DATA FOR THE TASK Block Start

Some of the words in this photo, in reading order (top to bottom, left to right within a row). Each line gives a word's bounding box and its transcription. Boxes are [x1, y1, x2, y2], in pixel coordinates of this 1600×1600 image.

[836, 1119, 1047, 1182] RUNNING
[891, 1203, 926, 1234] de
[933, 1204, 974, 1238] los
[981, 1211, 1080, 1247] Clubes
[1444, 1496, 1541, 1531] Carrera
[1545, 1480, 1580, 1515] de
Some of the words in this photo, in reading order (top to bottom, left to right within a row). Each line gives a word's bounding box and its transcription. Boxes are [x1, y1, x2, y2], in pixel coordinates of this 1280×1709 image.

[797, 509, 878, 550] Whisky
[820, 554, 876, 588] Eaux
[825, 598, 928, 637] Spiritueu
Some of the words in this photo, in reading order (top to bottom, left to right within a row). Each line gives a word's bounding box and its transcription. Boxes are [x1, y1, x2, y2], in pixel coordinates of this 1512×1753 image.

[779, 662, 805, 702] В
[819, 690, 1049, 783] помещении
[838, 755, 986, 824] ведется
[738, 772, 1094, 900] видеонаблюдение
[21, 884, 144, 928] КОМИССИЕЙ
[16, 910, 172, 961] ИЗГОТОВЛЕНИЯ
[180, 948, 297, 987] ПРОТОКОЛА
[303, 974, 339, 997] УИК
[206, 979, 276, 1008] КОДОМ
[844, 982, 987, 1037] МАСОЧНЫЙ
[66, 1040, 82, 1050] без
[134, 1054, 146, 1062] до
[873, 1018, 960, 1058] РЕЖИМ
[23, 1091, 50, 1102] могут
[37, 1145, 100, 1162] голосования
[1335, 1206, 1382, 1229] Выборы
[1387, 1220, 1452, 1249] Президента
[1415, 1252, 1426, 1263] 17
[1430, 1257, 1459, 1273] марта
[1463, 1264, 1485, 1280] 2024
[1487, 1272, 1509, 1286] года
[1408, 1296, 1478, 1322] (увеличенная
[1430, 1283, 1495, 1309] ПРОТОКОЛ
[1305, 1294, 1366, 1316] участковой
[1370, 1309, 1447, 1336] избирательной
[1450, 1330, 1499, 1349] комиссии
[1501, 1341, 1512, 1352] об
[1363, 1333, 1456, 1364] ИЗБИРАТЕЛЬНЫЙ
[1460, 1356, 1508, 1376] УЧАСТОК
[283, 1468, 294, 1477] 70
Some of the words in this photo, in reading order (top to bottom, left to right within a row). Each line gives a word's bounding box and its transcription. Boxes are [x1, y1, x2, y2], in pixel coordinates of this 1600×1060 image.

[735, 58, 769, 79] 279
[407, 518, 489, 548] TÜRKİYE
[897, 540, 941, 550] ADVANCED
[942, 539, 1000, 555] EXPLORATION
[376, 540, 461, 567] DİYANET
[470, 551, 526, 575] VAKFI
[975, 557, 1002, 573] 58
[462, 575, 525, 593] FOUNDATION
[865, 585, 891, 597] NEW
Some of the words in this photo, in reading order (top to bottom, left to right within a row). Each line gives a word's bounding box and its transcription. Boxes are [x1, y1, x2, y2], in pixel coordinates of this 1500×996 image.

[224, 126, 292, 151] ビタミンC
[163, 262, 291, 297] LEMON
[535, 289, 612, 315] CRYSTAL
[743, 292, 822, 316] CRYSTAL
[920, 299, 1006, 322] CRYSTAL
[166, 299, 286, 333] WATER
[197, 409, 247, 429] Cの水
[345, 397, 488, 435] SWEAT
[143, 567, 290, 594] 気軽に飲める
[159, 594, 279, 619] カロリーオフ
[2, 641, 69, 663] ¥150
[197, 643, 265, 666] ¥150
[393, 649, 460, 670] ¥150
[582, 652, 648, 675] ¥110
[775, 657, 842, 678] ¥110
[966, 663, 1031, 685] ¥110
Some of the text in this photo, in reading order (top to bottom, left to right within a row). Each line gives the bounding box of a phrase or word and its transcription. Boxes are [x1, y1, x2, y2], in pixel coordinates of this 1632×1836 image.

DATA FOR THE TASK Block End

**PROBLEM DETAILS**:
Nothing in the records above may be left out when you repeat them exactly.

**TASK RESULT**:
Some of the words in this photo, in reading order (top to bottom, left to right within a row). Each line gives a word's bounding box and its transcription. Boxes are [x1, y1, x2, y2], in pixel coordinates of this 1600×1600 image.

[836, 1119, 1047, 1182] RUNNING
[891, 1203, 926, 1234] de
[933, 1204, 974, 1238] los
[981, 1211, 1080, 1247] Clubes
[1444, 1496, 1541, 1531] Carrera
[1545, 1480, 1580, 1515] de
Some of the words in this photo, in reading order (top to bottom, left to right within a row). Each line gives a word's bounding box and its transcription. Boxes are [x1, y1, x2, y2], in pixel coordinates of this 1280×1709 image.

[797, 509, 878, 550] Whisky
[820, 554, 876, 588] Eaux
[825, 598, 928, 637] Spiritueu
Some of the words in this photo, in reading order (top to bottom, left to right within a row). Each line gives a word's bounding box and its transcription. Boxes are [x1, y1, x2, y2], in pixel coordinates of this 1512×1753 image.

[779, 662, 805, 702] В
[819, 690, 1049, 783] помещении
[838, 755, 986, 824] ведется
[738, 772, 1094, 900] видеонаблюдение
[21, 884, 144, 928] КОМИССИЕЙ
[16, 910, 172, 961] ИЗГОТОВЛЕНИЯ
[180, 948, 297, 987] ПРОТОКОЛА
[303, 974, 339, 997] УИК
[206, 979, 276, 1008] КОДОМ
[844, 982, 987, 1037] МАСОЧНЫЙ
[66, 1040, 82, 1050] без
[134, 1054, 146, 1062] до
[873, 1018, 960, 1058] РЕЖИМ
[23, 1091, 50, 1102] могут
[37, 1145, 100, 1162] голосования
[1335, 1206, 1382, 1229] Выборы
[1387, 1220, 1452, 1249] Президента
[1415, 1252, 1426, 1263] 17
[1430, 1257, 1459, 1273] марта
[1463, 1264, 1485, 1280] 2024
[1487, 1272, 1509, 1286] года
[1408, 1296, 1478, 1322] (увеличенная
[1430, 1283, 1495, 1309] ПРОТОКОЛ
[1305, 1294, 1366, 1316] участковой
[1370, 1309, 1447, 1336] избирательной
[1450, 1330, 1499, 1349] комиссии
[1501, 1341, 1512, 1352] об
[1363, 1333, 1456, 1364] ИЗБИРАТЕЛЬНЫЙ
[1460, 1356, 1508, 1376] УЧАСТОК
[283, 1468, 294, 1477] 70
Some of the words in this photo, in reading order (top to bottom, left to right within a row). Each line gives a word's bounding box and its transcription. Boxes are [x1, y1, x2, y2], in pixel coordinates of this 1600×1060 image.

[735, 58, 769, 79] 279
[407, 518, 489, 548] TÜRKİYE
[897, 540, 941, 550] ADVANCED
[942, 539, 1000, 555] EXPLORATION
[376, 540, 461, 567] DİYANET
[470, 551, 526, 575] VAKFI
[975, 557, 1002, 573] 58
[462, 575, 525, 593] FOUNDATION
[865, 585, 891, 597] NEW
Some of the words in this photo, in reading order (top to bottom, left to right within a row). Each line gives a word's bounding box and its transcription. Boxes are [x1, y1, x2, y2], in pixel coordinates of this 1500×996 image.

[224, 126, 292, 151] ビタミンC
[163, 262, 291, 297] LEMON
[535, 289, 612, 315] CRYSTAL
[743, 292, 822, 316] CRYSTAL
[920, 299, 1006, 322] CRYSTAL
[166, 299, 286, 333] WATER
[197, 409, 247, 429] Cの水
[345, 397, 488, 435] SWEAT
[143, 567, 290, 594] 気軽に飲める
[159, 594, 279, 619] カロリーオフ
[2, 641, 69, 663] ¥150
[197, 643, 265, 666] ¥150
[393, 649, 460, 670] ¥150
[582, 652, 648, 675] ¥110
[775, 657, 842, 678] ¥110
[966, 663, 1031, 685] ¥110
Some of the text in this photo, in reading order (top to bottom, left to right within a row). Each line gives the bounding box of a phrase or word and its transcription. Boxes are [x1, y1, x2, y2], in pixel coordinates of this 1632×1836 image.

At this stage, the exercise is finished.